Pro tip: Start up your electronics a day or two in advance of events, so you can pre-patch anything that needs it.
Source: Former IT guy here, who had to ensure that updates ran at the most convenient times possible for thousands of users. "Patching Tuesday" is an unofficial but well recognized "holiday" for IT folks. It's not first thing Monday morning, which could throw off the workflow for the week, but it also gives the max amount of time to resolve any issues that patching might cause, so we (hopefully) don't have to work through the weekend.
Pay attention to when your stuff requires patches. A lot of the time, it'll pop up on Tuesdays.
Source: Former IT guy here, who had to ensure that updates ran at the most convenient times possible for thousands of users.
I used to work at a theater owned by a city. So we used the city’s IT department, and their network. During COVID, live-streaming took off. The city wanted us to install a streaming video package. After a month or two of installing a full video system, we finally get around to testing the stream. Boot up AWS, and it runs fine. We’re streaming in full 4K. Great!
So the show rolls around. It’s Saturday, 7:30pm start time. We start the show… And the stream instantly shits the bed. Like we go from full gigabit upload speed, to less than a single megabit. We’re lucky to get 56kbps speeds. We’re getting one or two frames per second if we’re lucky.
Sunday, we test the stream ahead of time, and it works flawlessly. Show starts, and the upload speed drops to fucking dial up.
Monday morning rolls around, and IT strolls in to check their tickets. Sees a hundred from us, and gives us a call. They run a test on their end. No issues. They run a test on AWS. No issues. They run a test on the fiber backbone between the theater and city hall. No issues. They call the ISP. ISP said they didn’t have any issues over the weekend. IT shrugs, and marks the tickets as solved.
Next weekend, same thing. We’re wondering if IT is automatically throttling us, or if we have a malicious user on the network. We’re asking about QoS, or maybe automatic port control kicking in when the stream starts. Monday rolls around, and IT marks it as solved again.
Third weekend, same thing.

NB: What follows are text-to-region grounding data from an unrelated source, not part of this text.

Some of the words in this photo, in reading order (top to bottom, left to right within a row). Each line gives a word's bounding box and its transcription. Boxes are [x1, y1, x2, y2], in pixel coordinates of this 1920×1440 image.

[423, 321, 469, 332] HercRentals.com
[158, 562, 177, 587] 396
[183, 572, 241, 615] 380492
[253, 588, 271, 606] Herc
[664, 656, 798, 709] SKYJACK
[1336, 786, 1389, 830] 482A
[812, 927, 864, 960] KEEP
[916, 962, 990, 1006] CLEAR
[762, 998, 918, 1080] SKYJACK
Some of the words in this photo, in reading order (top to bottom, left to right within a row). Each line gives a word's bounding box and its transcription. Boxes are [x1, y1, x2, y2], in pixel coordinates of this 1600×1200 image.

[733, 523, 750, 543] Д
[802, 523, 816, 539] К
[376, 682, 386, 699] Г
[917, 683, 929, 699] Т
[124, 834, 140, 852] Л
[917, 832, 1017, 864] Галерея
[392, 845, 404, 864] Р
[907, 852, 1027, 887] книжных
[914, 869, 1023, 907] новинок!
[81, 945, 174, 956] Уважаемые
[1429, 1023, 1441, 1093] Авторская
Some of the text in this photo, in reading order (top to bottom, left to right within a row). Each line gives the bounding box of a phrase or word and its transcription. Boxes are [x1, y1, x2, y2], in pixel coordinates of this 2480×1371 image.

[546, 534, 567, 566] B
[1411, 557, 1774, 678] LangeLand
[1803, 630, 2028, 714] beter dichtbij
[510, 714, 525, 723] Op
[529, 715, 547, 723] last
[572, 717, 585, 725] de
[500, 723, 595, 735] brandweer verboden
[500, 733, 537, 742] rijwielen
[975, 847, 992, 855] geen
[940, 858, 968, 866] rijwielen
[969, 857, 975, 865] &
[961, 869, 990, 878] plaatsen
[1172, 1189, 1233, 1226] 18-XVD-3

This time, the city manager’s office is getting calls from angry patrons who paid for streaming and can’t watch their streams. Monday morning, IT rolls up. They run some more tests, and still can’t find anything wrong. They swear up and down that it’s nothing on their end, and it must be something on ours.
After four months of this back and forth, IT finally admits that they have all of their maintenance tasks to run at 7:30 over the weekend. Every single computer, server, and fucking toaster connected to the city network begins their updates at exactly 7:30. Thousands of city devices, all singularly focused on devouring our upload speeds. Servers run off-site backups. Those backups consume all of the upload speeds for the entire city network. IT refuses to change the time, because “this is what works for us. It’s after city hall closes, so we don’t have any users who are affected. It hasn’t been a problem in the past.”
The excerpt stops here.